[EXERCISE DETAILS]:
What is needed is an exact copy of the entries, with the pictures excluded.

[PROVIDED DATA]:
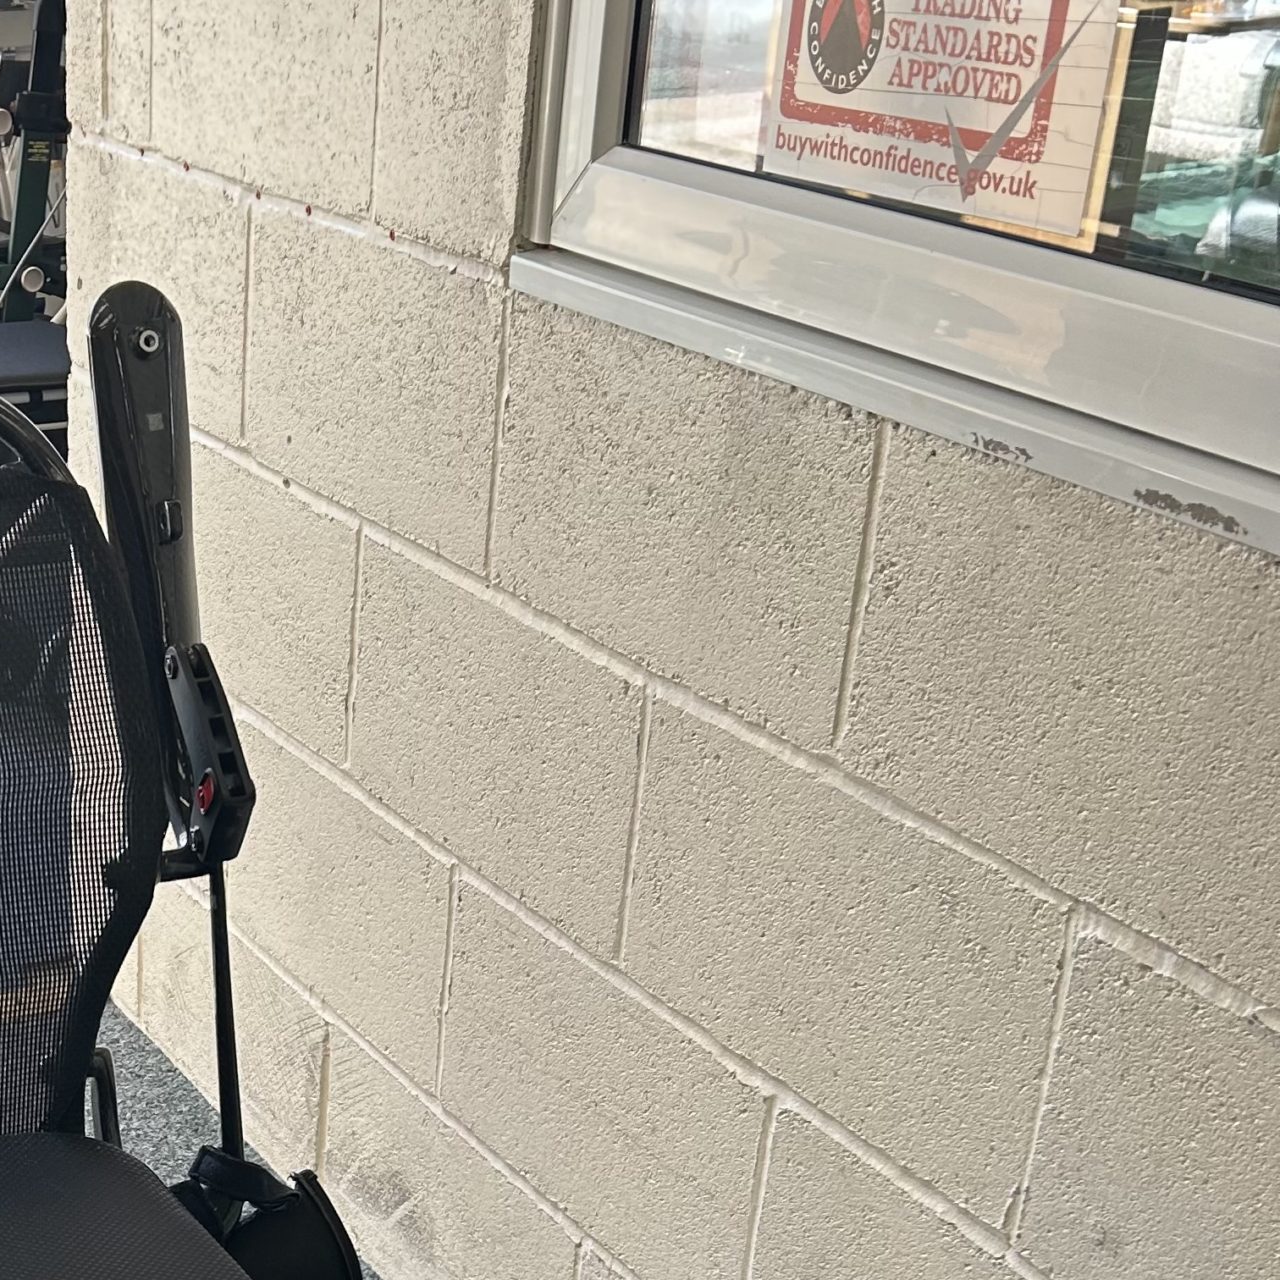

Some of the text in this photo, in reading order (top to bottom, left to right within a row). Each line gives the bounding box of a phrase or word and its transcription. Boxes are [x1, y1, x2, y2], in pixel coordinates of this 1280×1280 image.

[809, 21, 881, 89] CONFIDENCE
[885, 17, 1038, 69] STANDARDS
[887, 56, 1023, 106] APPROVED
[775, 124, 1039, 200] buywithconfidence.gov.uk

[WRITTEN ANSWER]:
Some of the text in this photo, in reading order (top to bottom, left to right within a row). Each line gives the bounding box of a phrase or word and its transcription. Boxes are [x1, y1, x2, y2], in pixel coordinates of this 1280×1280 image.

[809, 21, 881, 89] CONFIDENCE
[885, 17, 1038, 69] STANDARDS
[887, 56, 1023, 106] APPROVED
[775, 124, 1039, 200] buywithconfidence.gov.uk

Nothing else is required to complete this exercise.